That is an important point. Rehabilitation is key to an effective criminal justice system and to turning lives around and keeping communities safer. It is not just about violence; it is also about the failure to offer proper rehabilitation programmes, properly staffed and properly funded.
Opposition Members, experts and staff believe that private firms could be deliberately understaffing prisons to boost their profits. It is clearly in the public interest that staffing levels in private prisons be routinely published, just as they are routinely published for publicly run prisons.
If the Government want to reassure the public that private profit is not being put before the safety of prisoners, staff and wider society, will the Secretary of State today commit to making private companies come clean on staffing levels and publish them on the same terms as public prisons do? That is a very reasonable request.
One set of data that private prisons do have to publish is on assaults, which only adds to fears that privatisation is putting rehabilitation at risk. I put on record the shocking new figures that came to light in The Guardian yesterday, to which my hon. Friend the Member for Hornsey and Wood Green (Catherine West) alluded, on the scale of violence in private prisons. The figures come from an analysis of the Government’s answers to my parliamentary questions, so there is no doubt about their accuracy.
Despite comprising just 13% of adult prisons, private prisons are disproportionately represented among the most violent. Three of the 10 most violent adult prisons are private—that is 30%—as are five of the top 20, or 25%. In the most violent category, male local prisons, four of the five private prisons have an above-average level of assaults. That is 80% of all such private prisons. The figures show that private male local prisons are over 40% more violent than their public equivalents.
Labour has made it clear that, in office, we will scrap privately run prisons. The Tories should follow Labour’s lead and drop their ideological obsession with privatisation but, if they will not, the very least they should do—in the light of these figures and the other issues of safety, transparency and accountability that I have set out—is halt plans for more private prisons and establish an independent inquiry into whether privatisation is creating a threat to safety in our prison system. Again a very reasonable request, and I look forward to the Secretary of State’s answer.
Private prisons are also disproportionately overcrowded, with the 2018 House of Commons Library briefing suggesting that, although just over half of public sector prisons are overcrowded, this rises to 85% in the private sector. The fear is a simple one: more prisoners means more money for private operators, which is one of the many perverse incentives created by running prisons for profit. More analysis is needed on those figures. Again, an independent inquiry could look into whether private prisons are, indeed, more overcrowded.
As I have mentioned, the slash-and-burn approach to prison staffing and budgets was an attempt to drive down public sector costs to those of the private sector. That was done under the tenure at the Ministry of Justice of the current Secretary of State for Transport. Perhaps he should be responding to this debate, as our justice system is full of examples of his dangerous obsession with outsourcing and privatisation. It is not too late for his successor to take a different course.

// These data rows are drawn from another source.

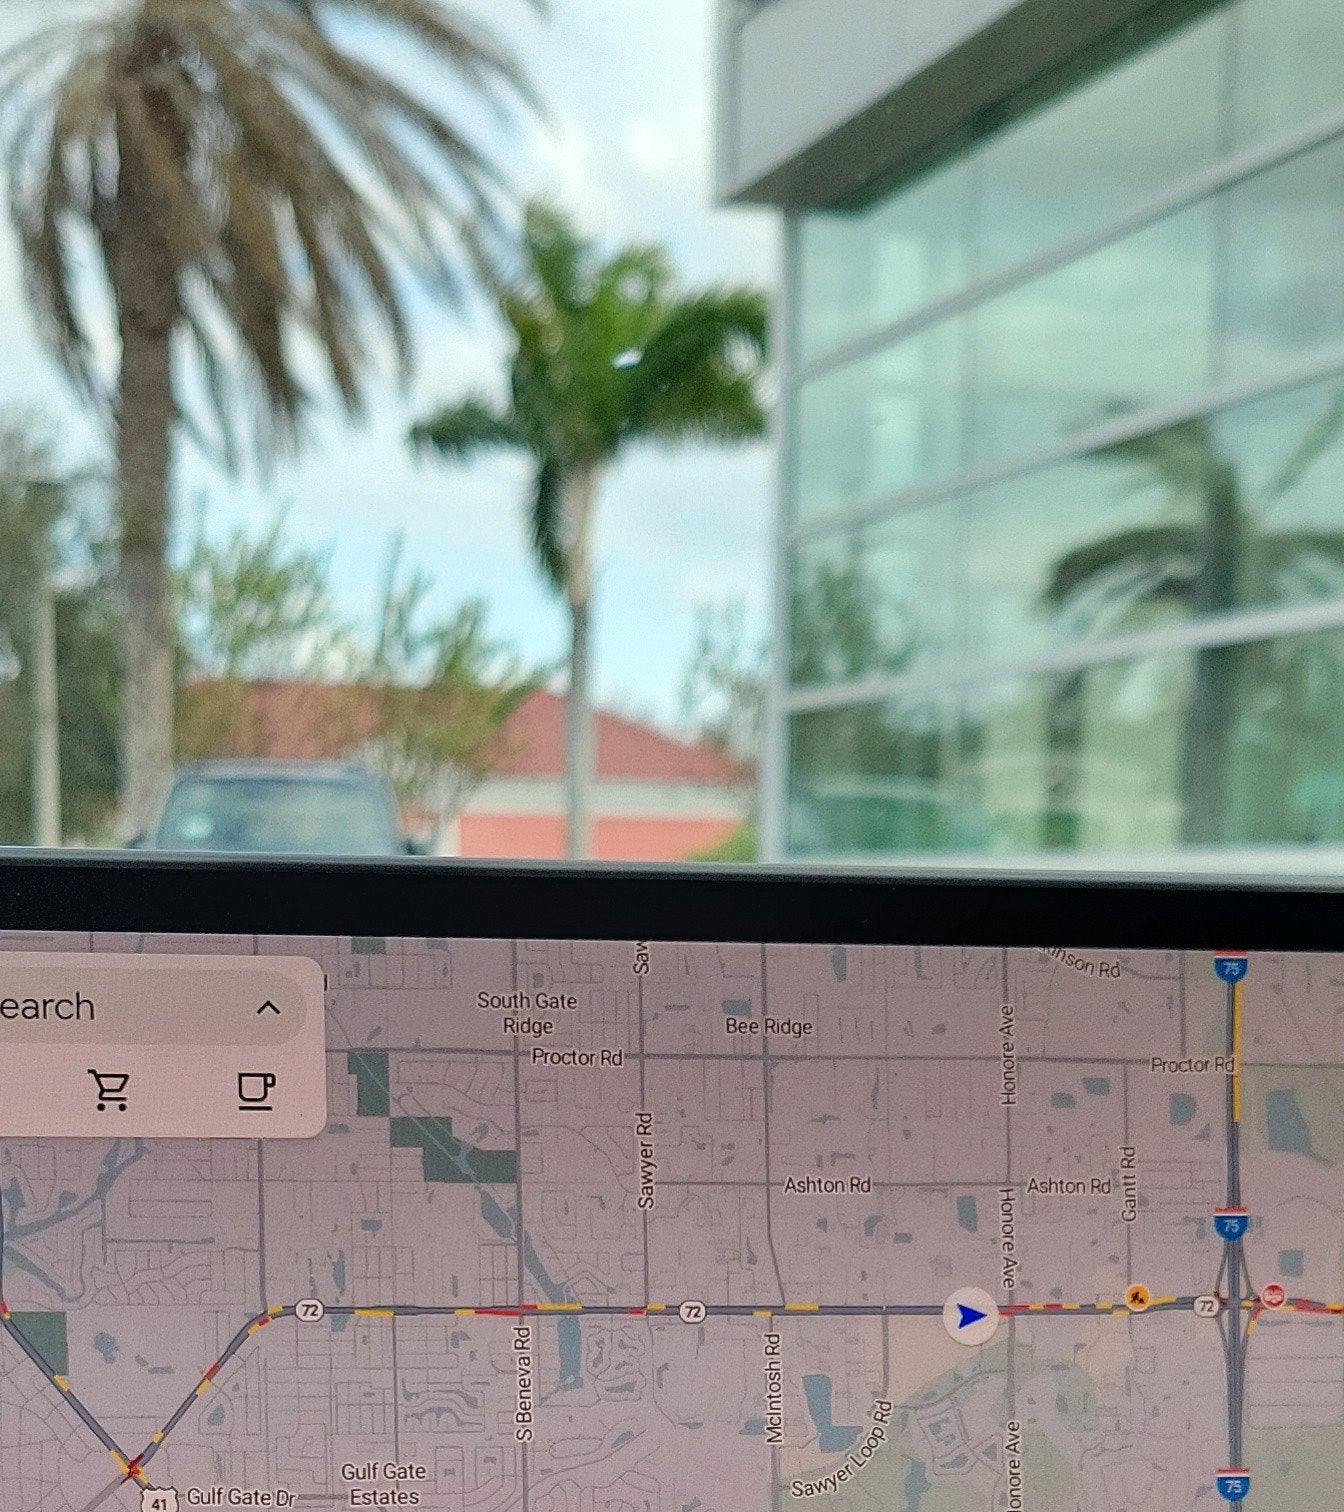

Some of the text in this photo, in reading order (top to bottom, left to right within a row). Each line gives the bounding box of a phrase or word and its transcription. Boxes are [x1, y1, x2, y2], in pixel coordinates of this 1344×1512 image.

[1099, 961, 1121, 978] Rd
[1224, 962, 1240, 975] 75
[477, 992, 578, 1009] South Gate
[504, 1017, 553, 1038] Ridge
[726, 1018, 813, 1038] Bee Ridge
[532, 1048, 623, 1067] Proctor Rd
[999, 1005, 1017, 1105] Honore Ave
[1152, 1057, 1235, 1073] Proctor Rd
[636, 1112, 657, 1209] Sawyer Rd
[785, 1176, 871, 1194] Ashton Rd
[1027, 1178, 1111, 1195] Ashton Rd
[1120, 1147, 1136, 1222] Gantt Rd
[1224, 1219, 1239, 1232] 75
[1000, 1189, 1018, 1289] Honore Ave
[301, 1304, 319, 1317] 72
[684, 1305, 702, 1318] 72
[1199, 1300, 1214, 1313] 72
[513, 1327, 533, 1441] S Beneva Rd
[763, 1334, 783, 1443] McIntosh Rd
[1004, 1421, 1020, 1454] Ave
[791, 1400, 892, 1497] Sawyer Loop Rd
[341, 1463, 427, 1481] Gulf Gate
[1225, 1480, 1241, 1493] 75
[151, 1498, 168, 1511] 41
[187, 1488, 296, 1507] Gulf Gate Dr
[350, 1489, 420, 1506] Estates

Prison maintenance, for example, was privatised in 2015, with contracts worth around £500 million handed to Carillion and Amey. The £115 million planned savings to the state never materialised, but our prisons paid the price. Cells were left with smashed windows, while inmates lived in squalor and, in some cases, were unable to access towels and even soap.
Take HMP Liverpool. Inspectors found the prison to be rat-infested, with Dickensian conditions as thousands of basic maintenance jobs had not been completed. After the collapse of Carillion, the Ministry of Justice set up a new public facilities management company to replace the work of Carillion, but it has refused to rule out reprivatising this work, and let us be clear that Amey is still underperforming in too many prisons. Will the Justice Secretary commit today to bringing all maintenance contracts back in-house when they expire?